Stored items from a collection
★ ★ ★ ★

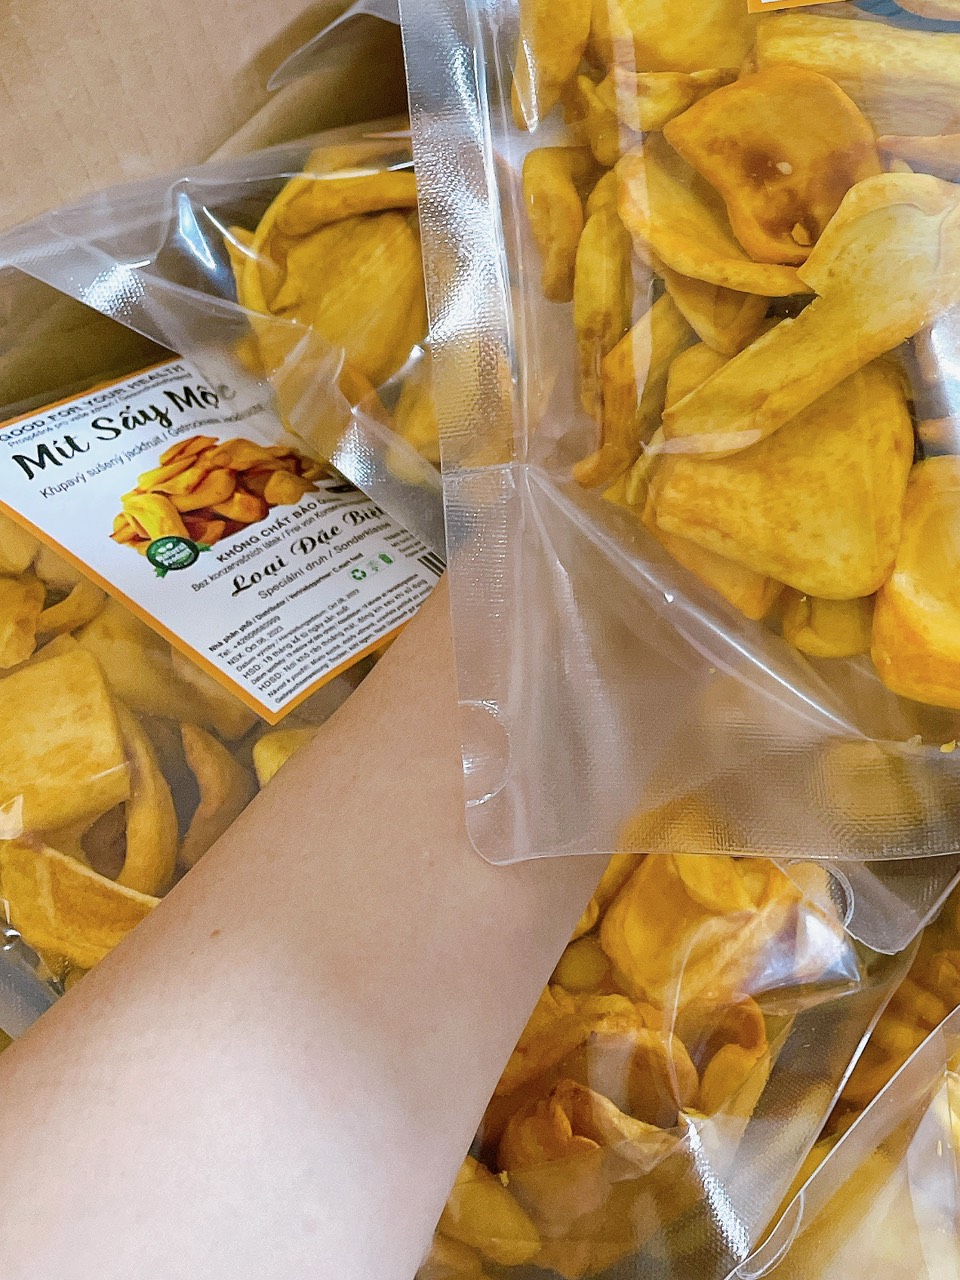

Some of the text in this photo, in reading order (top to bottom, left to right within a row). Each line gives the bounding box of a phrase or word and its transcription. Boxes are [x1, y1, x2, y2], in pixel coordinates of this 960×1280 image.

[48, 405, 84, 421] FOR
[84, 388, 127, 409] YOUR
[12, 435, 90, 480] Mít
[92, 402, 174, 441] Sấy
[40, 471, 87, 499] Křupavý
[216, 536, 260, 563] KHÔNG
[261, 517, 291, 537] CHẤT
[293, 502, 317, 519] BẢO
[231, 555, 290, 597] Loại
[290, 524, 344, 556] Đặc
[258, 567, 305, 600] Speciální
[305, 552, 329, 572] druh
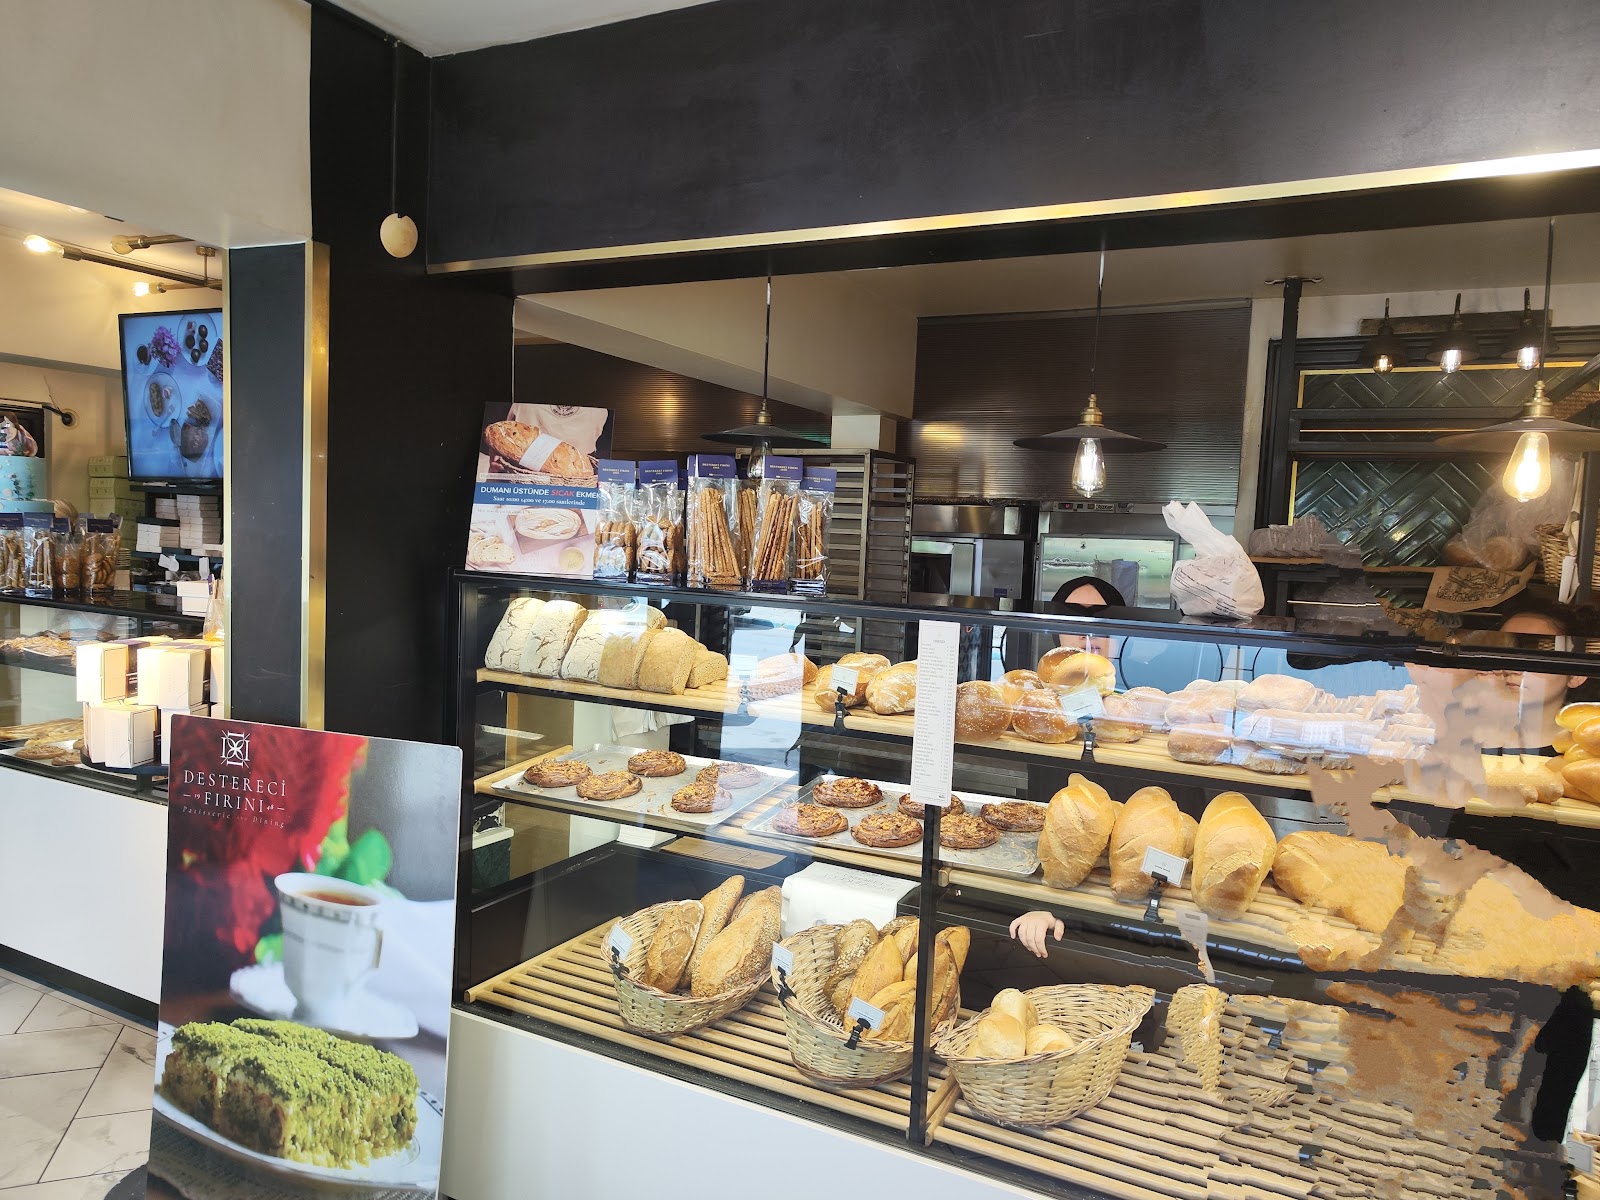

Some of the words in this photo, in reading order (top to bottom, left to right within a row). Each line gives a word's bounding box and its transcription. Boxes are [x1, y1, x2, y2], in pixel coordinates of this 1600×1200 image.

[480, 486, 511, 494] DUMANI
[513, 486, 550, 496] ÜSTÜNDE
[551, 489, 575, 497] SICAK
[184, 769, 286, 797] DESTERECİ
[204, 791, 264, 813] FIRINI
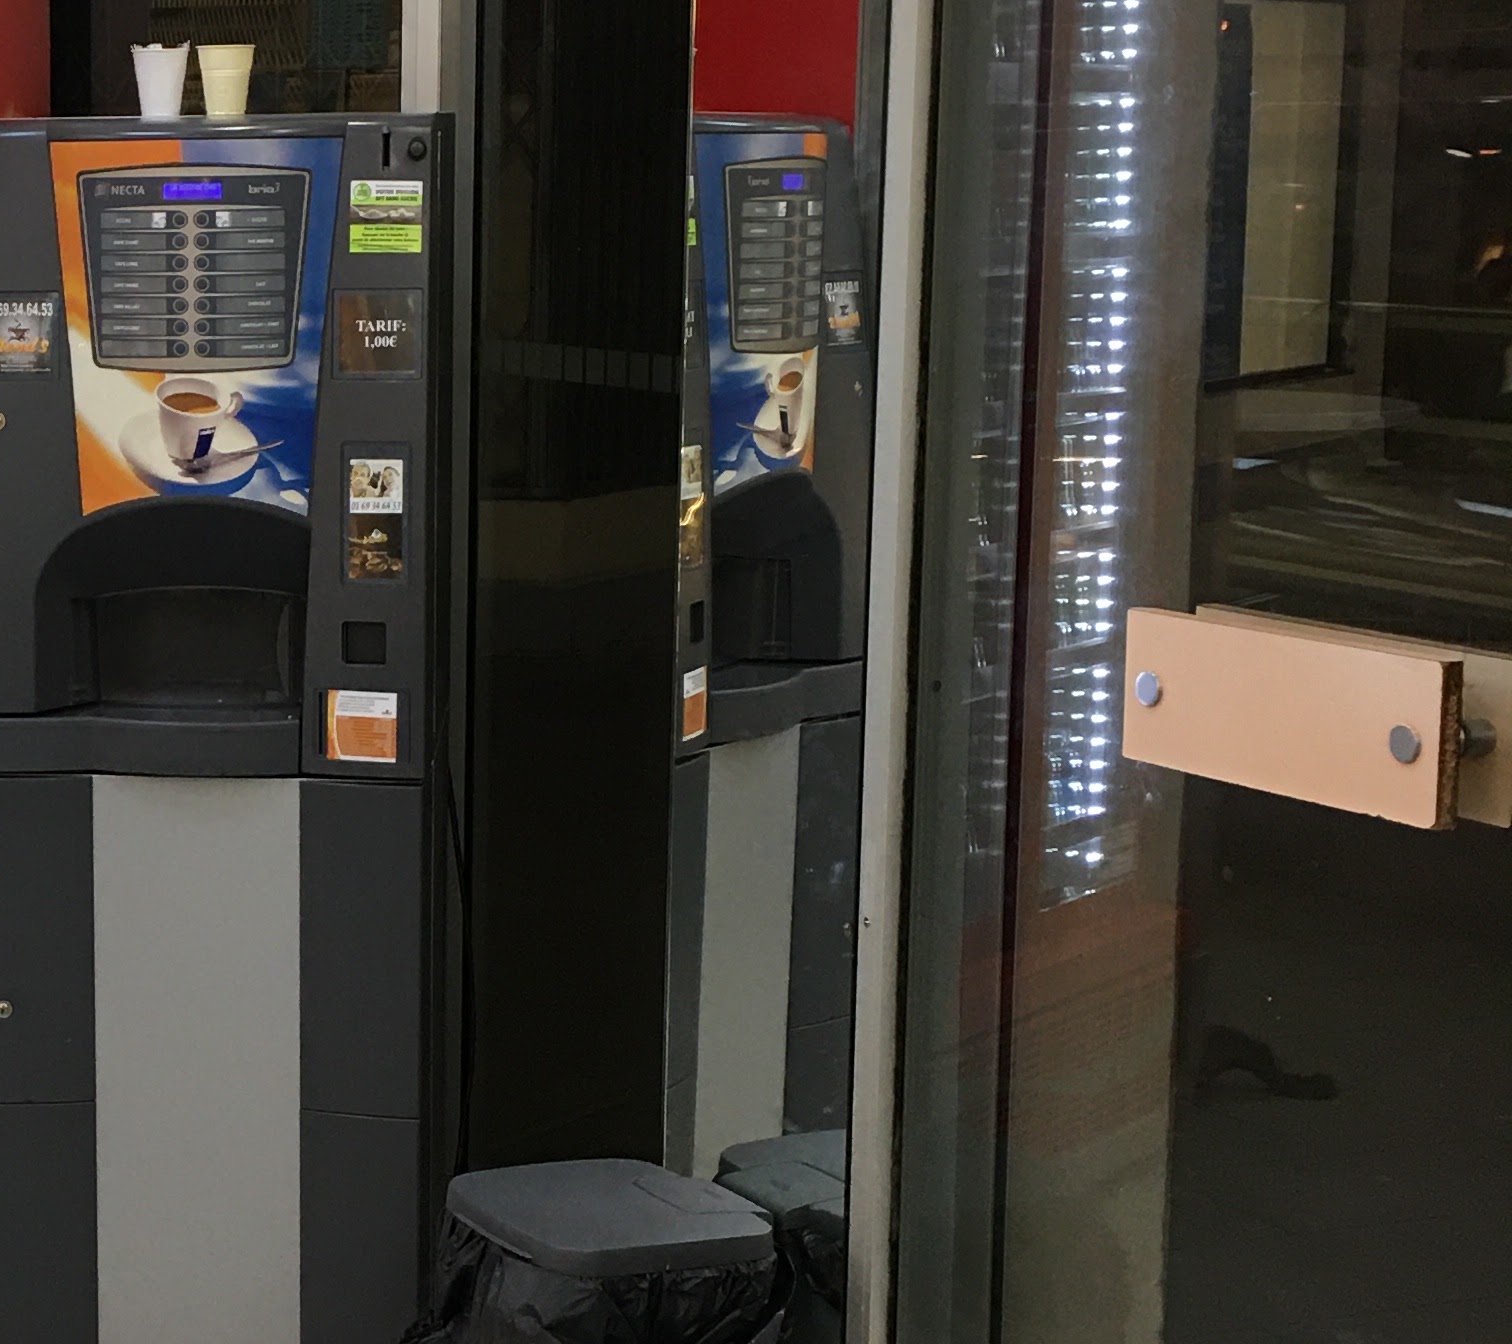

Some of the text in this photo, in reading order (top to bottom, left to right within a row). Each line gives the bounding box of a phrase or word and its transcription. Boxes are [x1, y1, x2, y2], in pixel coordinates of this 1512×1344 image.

[111, 184, 146, 196] NECTA
[355, 319, 407, 332] TARIF:
[364, 335, 398, 349] 1,00€
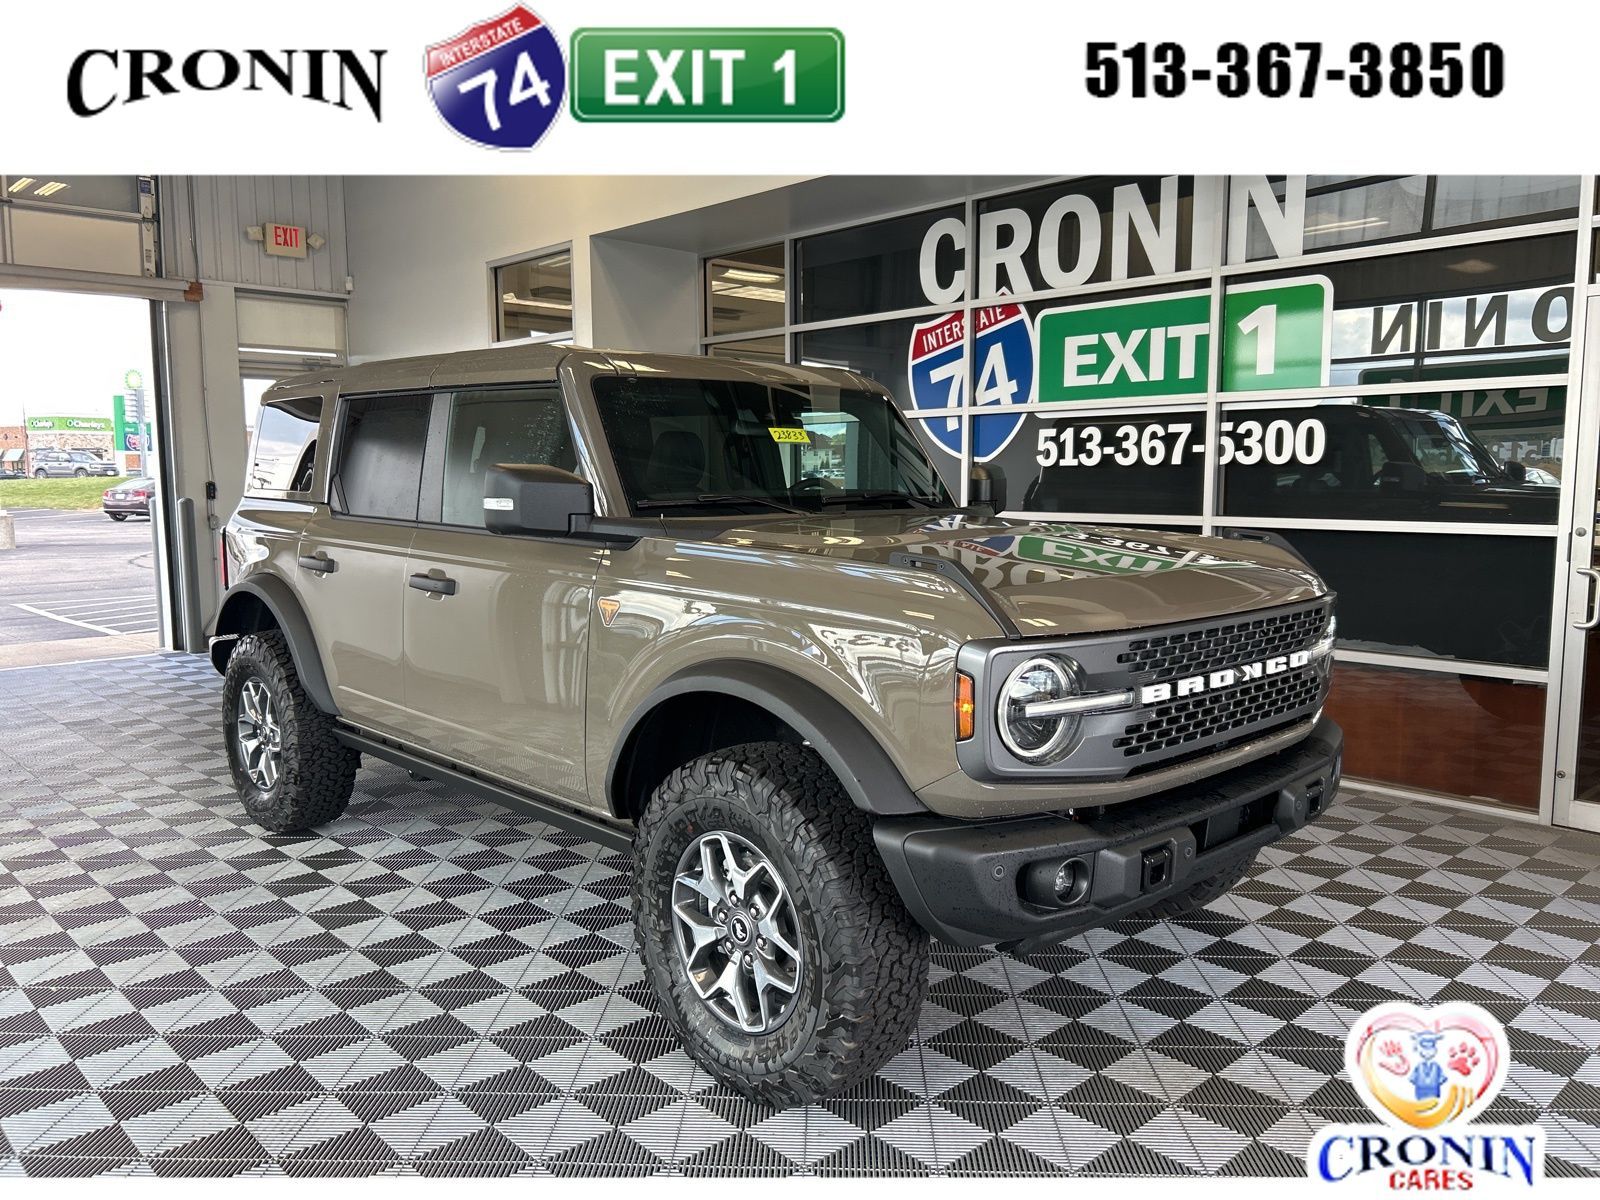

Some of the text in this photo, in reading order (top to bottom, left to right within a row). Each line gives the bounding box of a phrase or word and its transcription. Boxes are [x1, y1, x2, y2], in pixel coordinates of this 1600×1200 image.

[273, 225, 299, 249] EXIT
[919, 175, 1306, 306] CRONIN
[1063, 304, 1277, 388] EXIT 1
[929, 342, 1018, 433] 74
[1035, 418, 1326, 467] 513-367-5300
[1140, 650, 1310, 705] BRONCO

★ ★ ★ ★

▸ What is required: Every line of the data above should be quoted exactly. Omit the pictures.

▸ Reply:
Some of the text in this photo, in reading order (top to bottom, left to right within a row). Each line gives the bounding box of a phrase or word and its transcription. Boxes are [x1, y1, x2, y2], in pixel coordinates of this 960×1280 image.

[48, 405, 84, 421] FOR
[84, 388, 127, 409] YOUR
[12, 435, 90, 480] Mít
[92, 402, 174, 441] Sấy
[40, 471, 87, 499] Křupavý
[216, 536, 260, 563] KHÔNG
[261, 517, 291, 537] CHẤT
[293, 502, 317, 519] BẢO
[231, 555, 290, 597] Loại
[290, 524, 344, 556] Đặc
[258, 567, 305, 600] Speciální
[305, 552, 329, 572] druh

Some of the words in this photo, in reading order (top to bottom, left to right within a row). Each line gives a word's bounding box and its transcription. Boxes are [x1, y1, x2, y2], in pixel coordinates of this 1600×1200 image.

[480, 486, 511, 494] DUMANI
[513, 486, 550, 496] ÜSTÜNDE
[551, 489, 575, 497] SICAK
[184, 769, 286, 797] DESTERECİ
[204, 791, 264, 813] FIRINI

Some of the text in this photo, in reading order (top to bottom, left to right within a row). Each line gives the bounding box of a phrase or word and its transcription. Boxes are [x1, y1, x2, y2], in pixel coordinates of this 1512×1344 image.

[111, 184, 146, 196] NECTA
[355, 319, 407, 332] TARIF:
[364, 335, 398, 349] 1,00€

Some of the text in this photo, in reading order (top to bottom, left to right within a row). Each line gives the bounding box of a phrase or word and its transcription. Boxes are [x1, y1, x2, y2], in pixel coordinates of this 1600×1200 image.

[273, 225, 299, 249] EXIT
[919, 175, 1306, 306] CRONIN
[1063, 304, 1277, 388] EXIT 1
[929, 342, 1018, 433] 74
[1035, 418, 1326, 467] 513-367-5300
[1140, 650, 1310, 705] BRONCO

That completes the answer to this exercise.